The approaching ship, like the one on which we fought, had a cross high on her prow. It was a dark cross, the wood smeared with pitch, and behind it were crammed the armed and helmeted warriors. The ship was heavy and slow. A man at the prow was shouting instructions to the helmsman and thrusting an arm northwards, and slowly the big ship turned that way and I saw the men in the prow raise their shields. They planned to board us at our stern and attack Egil’s men from behind. The rowers on the ship’s steerboard side slid their long looms from the holes and the big ship coasted slowly towards us. The rowers picked up shields and drew swords. I noted that the shields were not painted, bearing neither a cross nor any other symbol. If these men had been sent by Æthelhelm, and I was increasingly sure of that, then had clearly been ordered to disguise that truth. ‘Shield wall!’ I shouted. ‘And brace yourselves!’

There must have been a dozen men on the steering platform with me. There was no room for more, though the enemy, whose prow was higher than our stern, planned to join us. I looked through the finger-width gap between my shield and Folcbald’s and saw the great prow just feet away. A wave lifted it, then it crashed down and slammed into us, splintering the top strake, then the enemy’s dark bow grated down our stern as I staggered from the impact. I had a glimpse of a man leaping onto me, axe raised, and I lifted the shield and felt the shudder as his axe buried its blade in the willow board.

Almost any fight on shipboard is a confusion of men packed too close together. In battle even the best disciplined shield wall tends to spread as men try to make room for their weapons, but on a ship there is no space to spread. There is only the foetid breath of an enemy trying to kill you, the press of men and steel, the screams of blade-pierced victims, the raw stink of blood in the scuppers, and the crush of death on a lurching deck.

Which is why I had drawn Wasp-Sting. She is a short blade, scarce longer than my fore-arm, but there is no room to swing a long-sword in the crush of death. Except there was no crush. The ship had struck us, had broken the strake, but even as more of the enemy readied themselves to leap down at us, a heave of the sea lifted and drove their ship back. Not far, scarcely a pace on land, but the first men to leap flailed as the ships drifted apart. The axeman, his blade still buried in my shield, sprawled on the deck and Folcbald, on my right, stabbed down with his seax and the man shrieked like a child as the blade punctured mail, broke ribs and buried itself in the man’s lungs. I kicked the man’s shrieking face, stabbed Wasp-Sting into his thick beard, and saw the blood spread across the ship’s pale deck planks.

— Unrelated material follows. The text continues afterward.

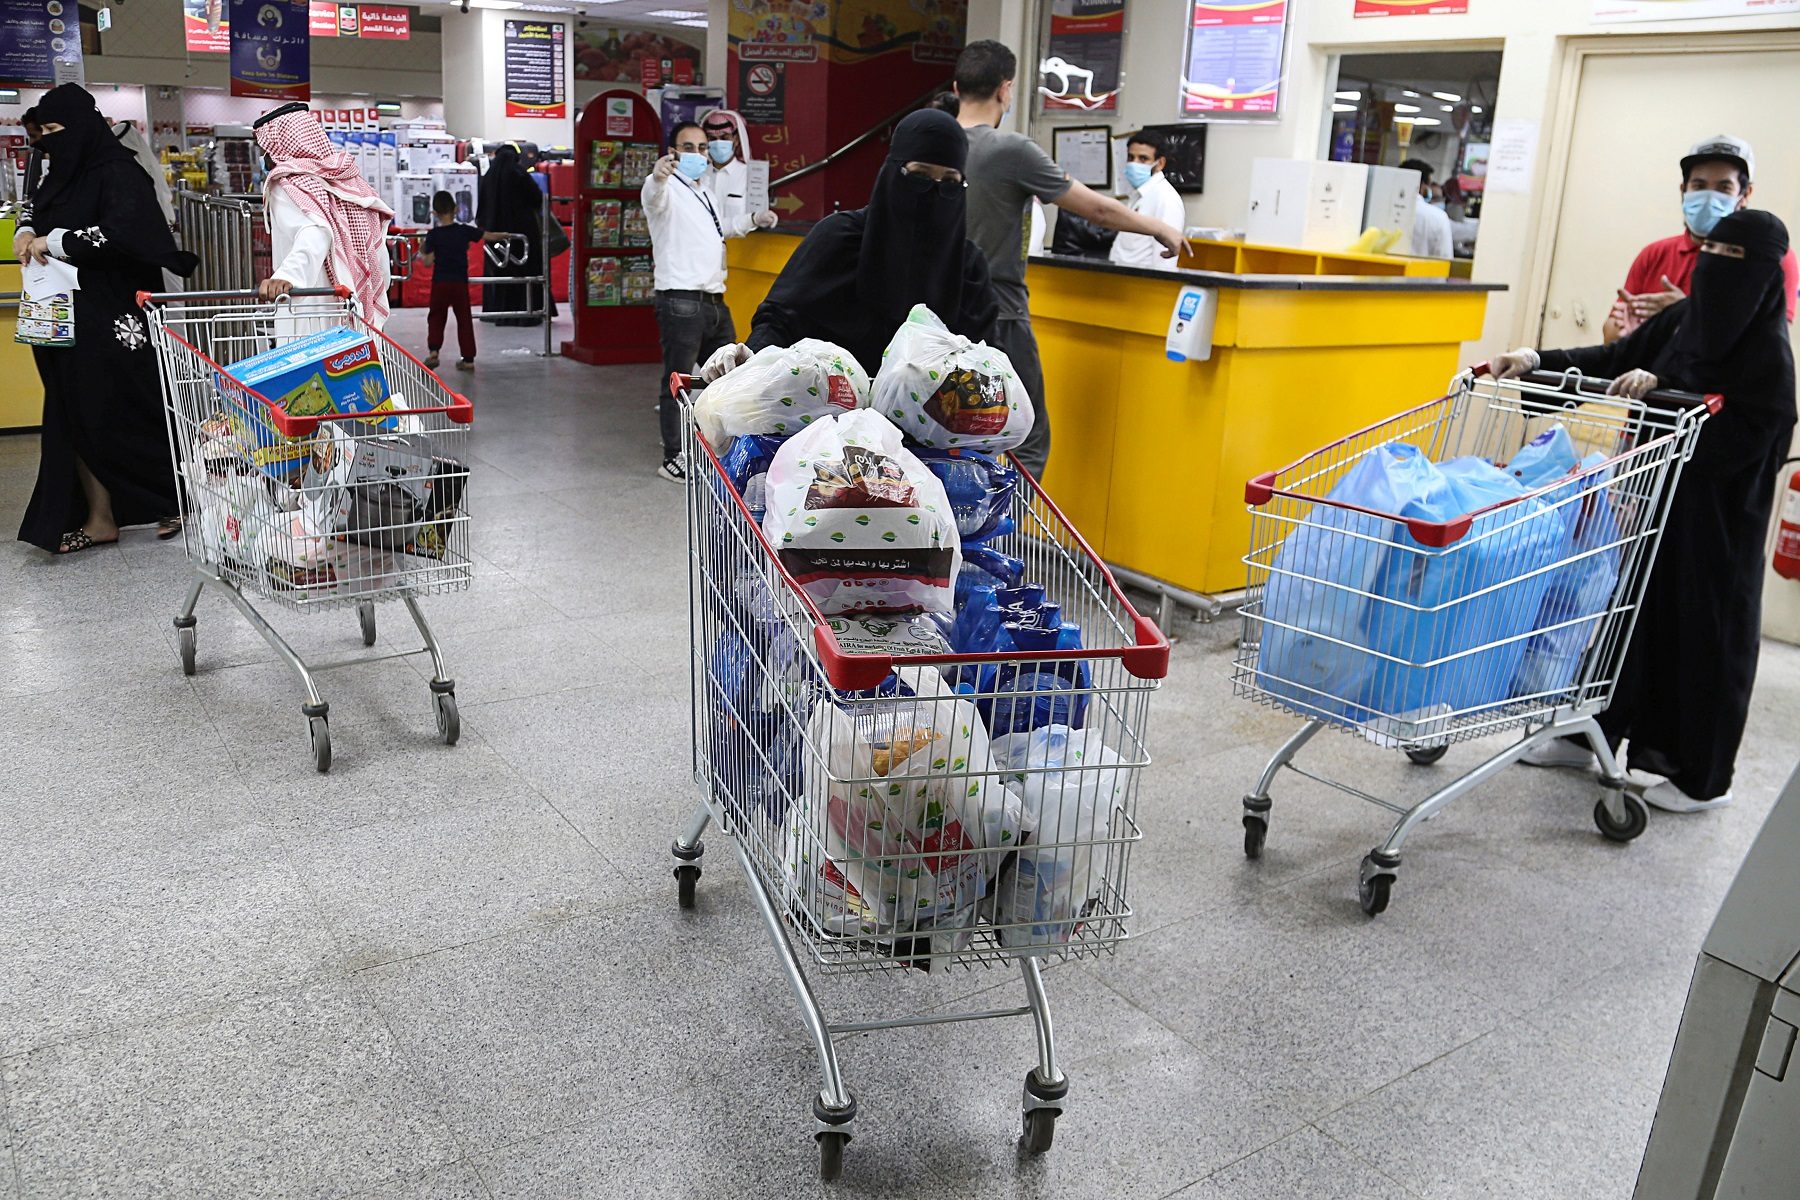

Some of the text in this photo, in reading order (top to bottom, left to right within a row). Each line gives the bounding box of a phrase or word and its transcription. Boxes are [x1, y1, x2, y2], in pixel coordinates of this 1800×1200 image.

[362, 12, 407, 22] الخدمة ذاتية
[395, 27, 408, 35] في
[330, 343, 371, 371] إندومي

‘More coming!’ Beornoth shouted behind me. I ripped Wasp-Sting to one side, widening the bloody slash in the axeman’s throat, then raised my shield and half crouched. I saw the dark prow loom again, saw it strike our hull again, and then something heavy struck my shield. I could not see what it was, but blood was dripping from the iron rim. ‘Got him!’ Beornoth called. He was close behind me, and, like most of the second rank, was holding an ash-shafted spear that slanted towards the enemy ship’s high prow. Men who leaped on us risked being impaled on those long blades. Another heave of the waves parted the ships again, and the dying man slid from my shield as Beornoth tugged the spear-blade loose. The dying man still moved, and Wasp-Sting struck again. The deck was red now, red and slippery. Another enemy, face contorted in rage, made a giant leap, hammering his shield forward to break our line, but Beornoth heaved on me from behind and the man’s shield clashed on mine and he staggered back against the rail. He lunged his seax past my shield, his toothless mouth opened in a silent bellow of rage, but the point of his blade slid off my mail and I hammered my shield forward and the man cursed as he was forced backwards. I pushed my shield again, and he cried aloud as he fell between the ships.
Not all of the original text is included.